- _Data excerpts_:
|---|

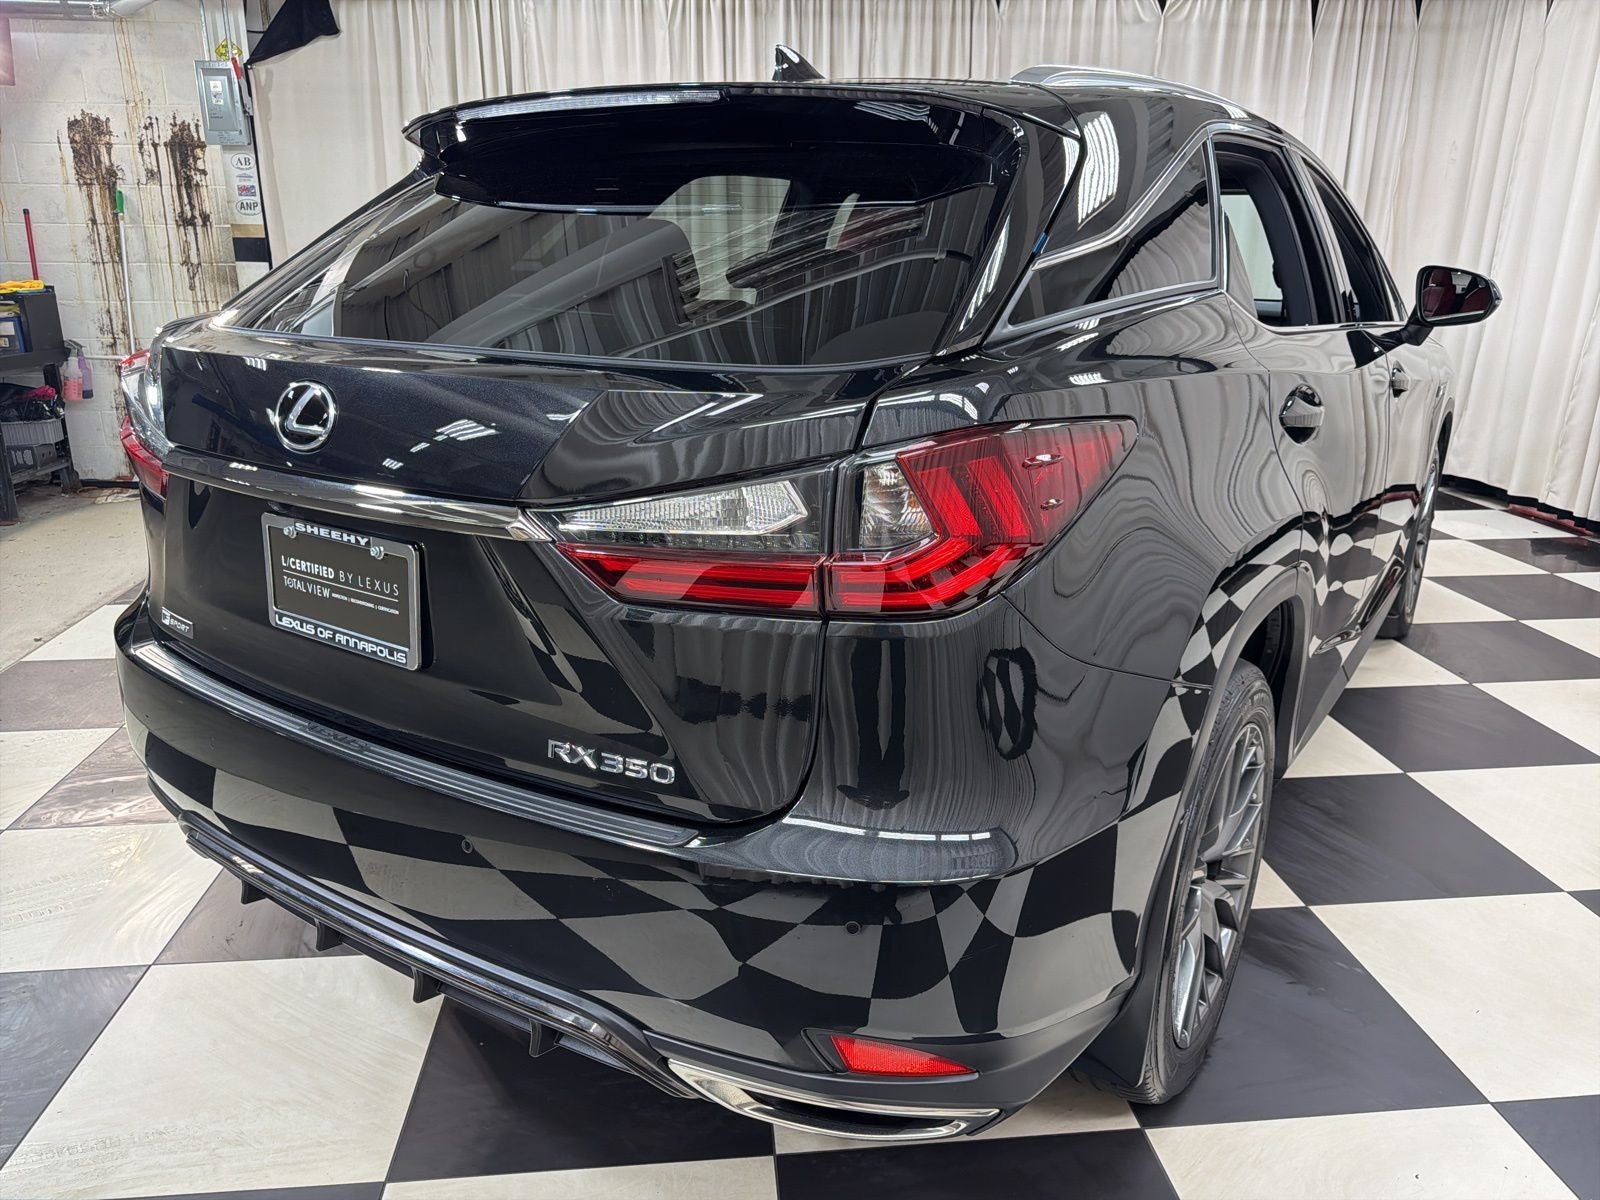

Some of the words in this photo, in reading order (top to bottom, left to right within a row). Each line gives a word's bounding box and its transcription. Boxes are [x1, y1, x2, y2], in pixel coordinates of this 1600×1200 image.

[235, 157, 251, 166] AB
[240, 201, 258, 210] ANP
[295, 522, 369, 546] SHEEHY
[281, 555, 335, 579] L/CERTIFIED
[339, 570, 353, 584] BY
[358, 575, 399, 596] LEXUS
[169, 618, 190, 633] SPORT
[275, 614, 316, 635] LEXUS
[316, 627, 334, 639] OF
[335, 633, 406, 664] ANNAPOLIS
[547, 739, 598, 769] RX
[600, 752, 675, 784] 350

|---|

- _What is expected_: With the pictures set aside, repeat every entry above exactly.

- _Result of this task_:
Some of the words in this photo, in reading order (top to bottom, left to right within a row). Each line gives a word's bounding box and its transcription. Boxes are [x1, y1, x2, y2], in pixel coordinates of this 1600×1200 image.

[235, 157, 251, 166] AB
[240, 201, 258, 210] ANP
[295, 522, 369, 546] SHEEHY
[281, 555, 335, 579] L/CERTIFIED
[339, 570, 353, 584] BY
[358, 575, 399, 596] LEXUS
[169, 618, 190, 633] SPORT
[275, 614, 316, 635] LEXUS
[316, 627, 334, 639] OF
[335, 633, 406, 664] ANNAPOLIS
[547, 739, 598, 769] RX
[600, 752, 675, 784] 350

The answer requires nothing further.